Recorded data:
^^^^^^^^^^^^^^^^
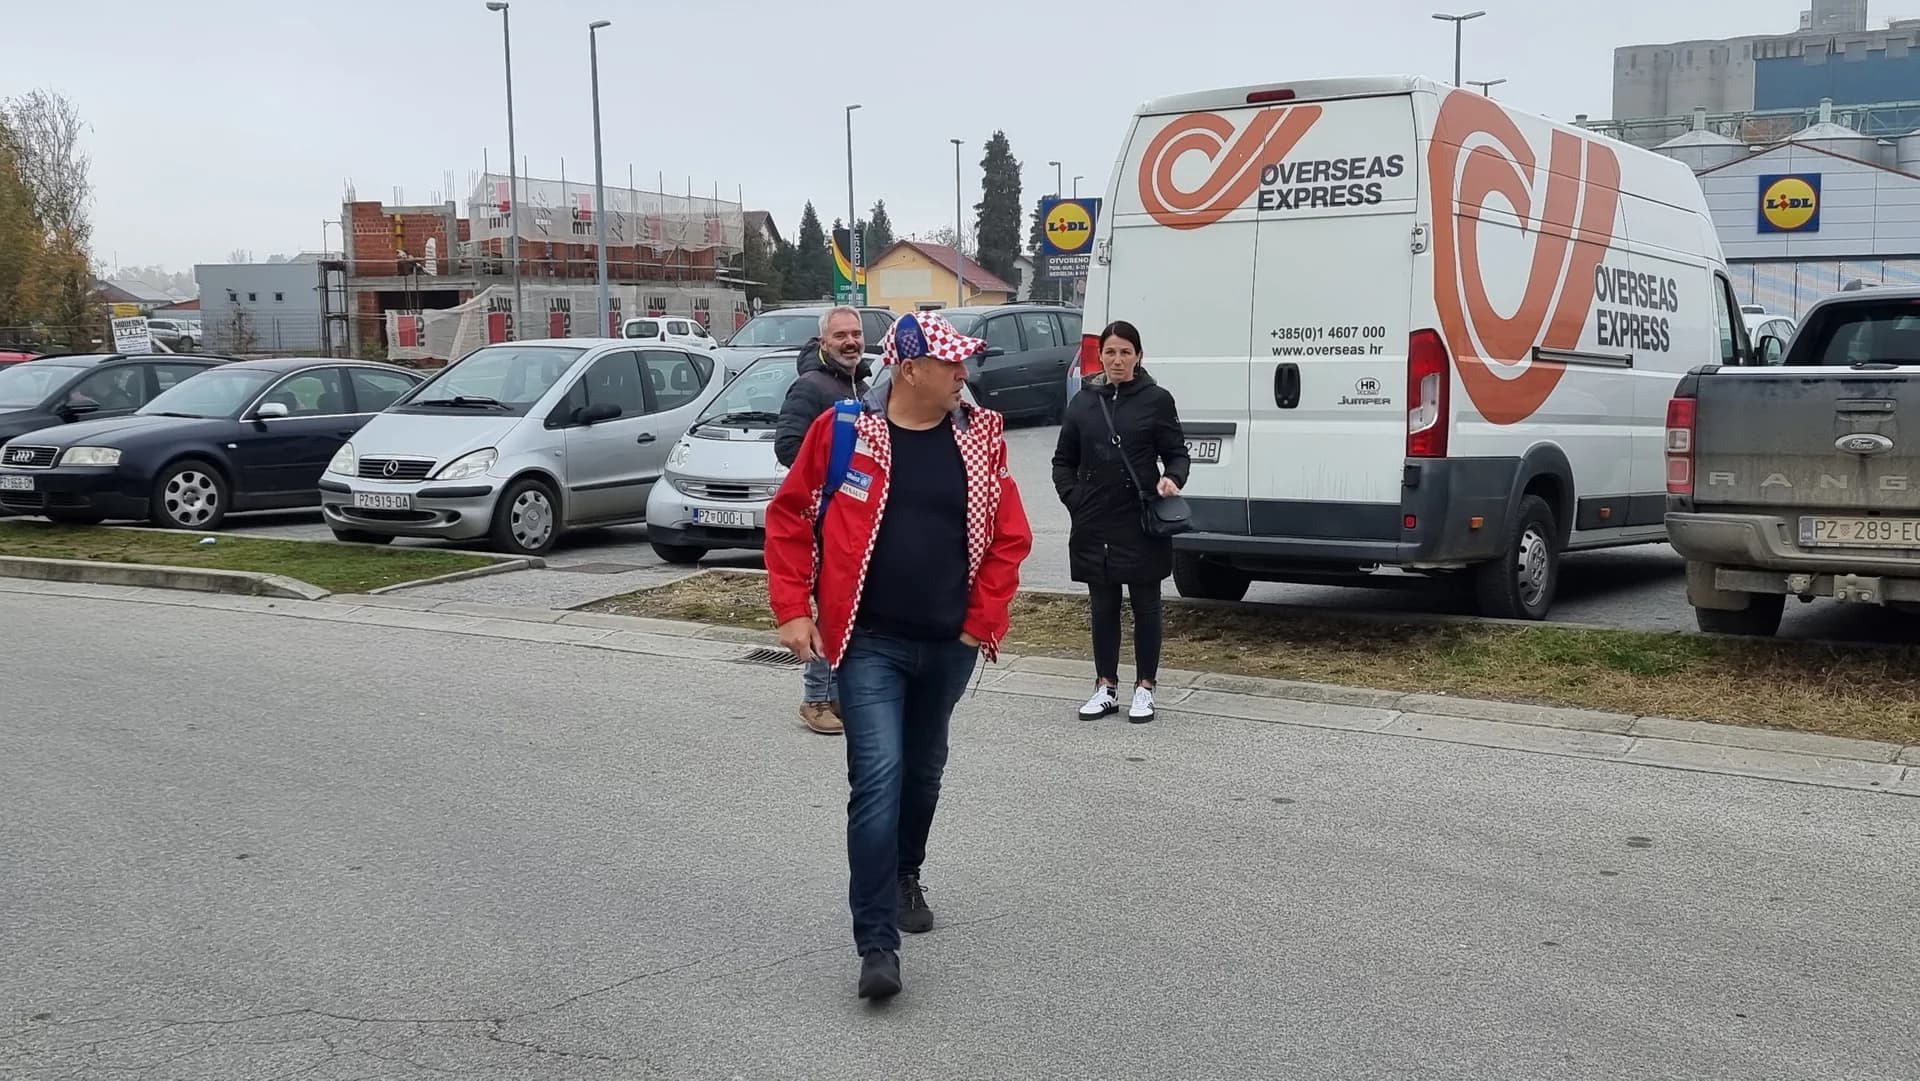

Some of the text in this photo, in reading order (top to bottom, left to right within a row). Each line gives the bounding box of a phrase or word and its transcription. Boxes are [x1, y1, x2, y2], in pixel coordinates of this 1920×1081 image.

[1261, 154, 1404, 186] OVERSEAS
[1258, 182, 1382, 211] EXPRESS
[1595, 264, 1679, 313] OVERSEAS
[1270, 326, 1386, 342] +385(0)1 4607 000
[1597, 309, 1670, 352] EXPRESS
[1272, 346, 1365, 356] www.overseas
[1360, 381, 1376, 389] HR
[1850, 440, 1873, 449] Ford
[360, 494, 408, 508] PZ 919-DA
[699, 511, 745, 525] PZ 000-L
[1815, 521, 1838, 539] PZ
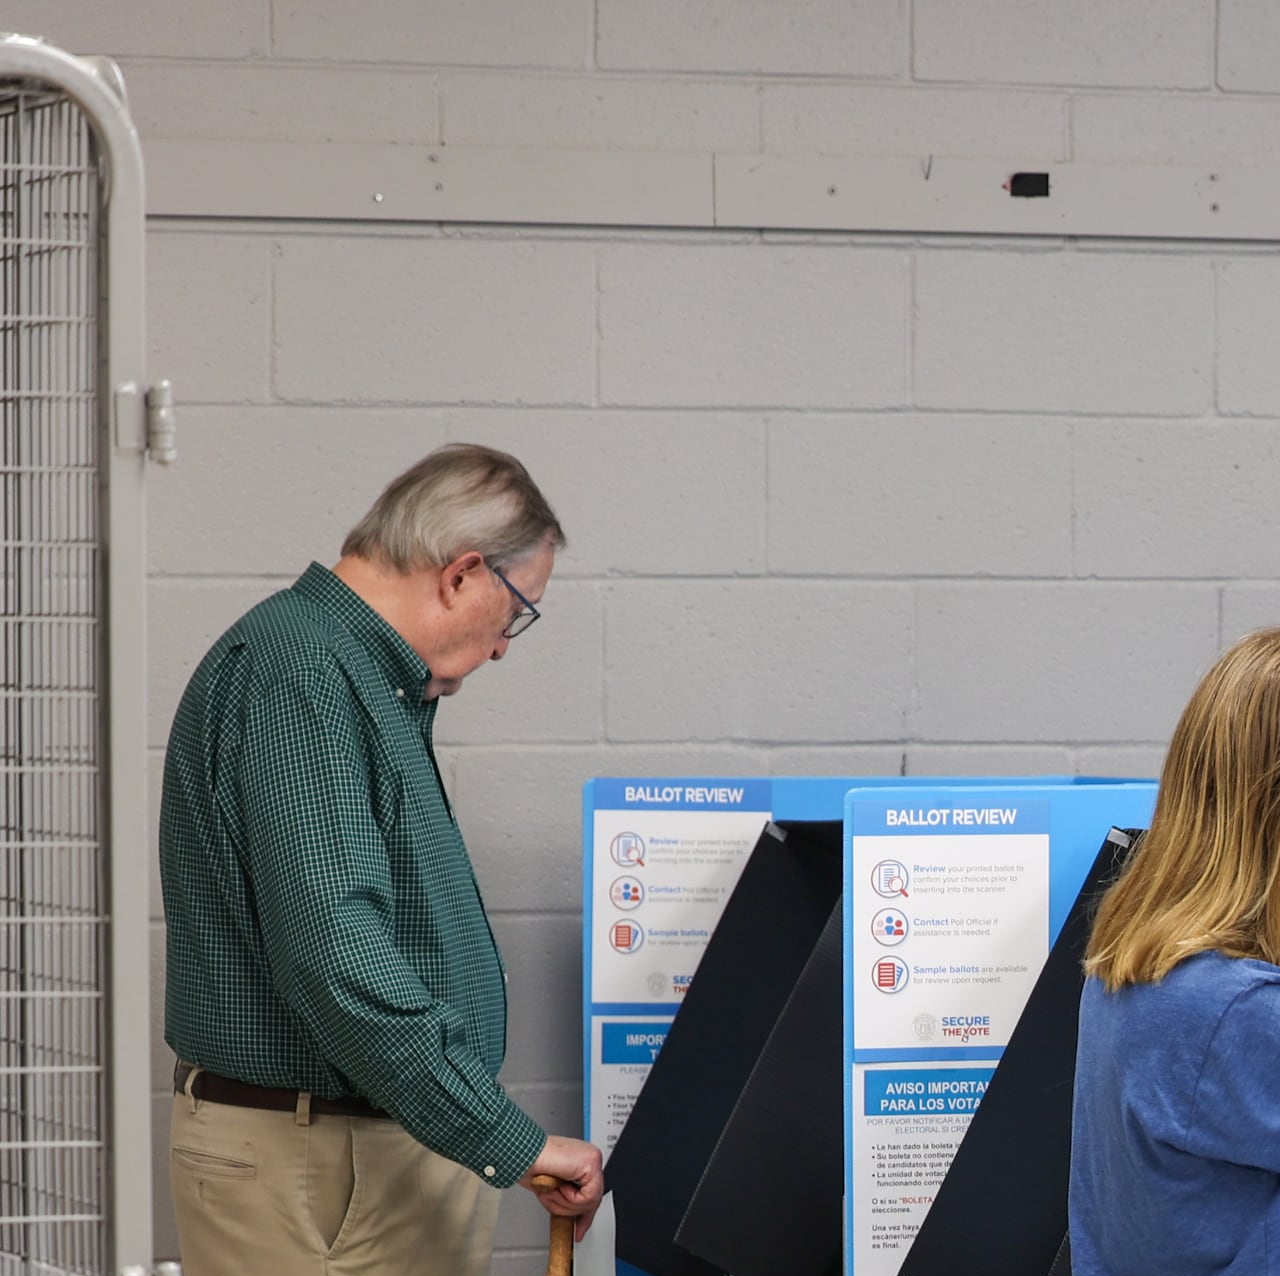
^^^^^^^^^^^^^^^^
Task to carry out>
The answer is the entries above, given again exactly, with no pictures among them.

Output of the task>
Some of the text in this photo, in reading order (top to bottom, left to right within a row). Each line gives the bounding box of a phrase or word and its transcription. Boxes are [x1, y1, x2, y2], in pixel coordinates of this 1920×1081 image.

[1261, 154, 1404, 186] OVERSEAS
[1258, 182, 1382, 211] EXPRESS
[1595, 264, 1679, 313] OVERSEAS
[1270, 326, 1386, 342] +385(0)1 4607 000
[1597, 309, 1670, 352] EXPRESS
[1272, 346, 1365, 356] www.overseas
[1360, 381, 1376, 389] HR
[1850, 440, 1873, 449] Ford
[360, 494, 408, 508] PZ 919-DA
[699, 511, 745, 525] PZ 000-L
[1815, 521, 1838, 539] PZ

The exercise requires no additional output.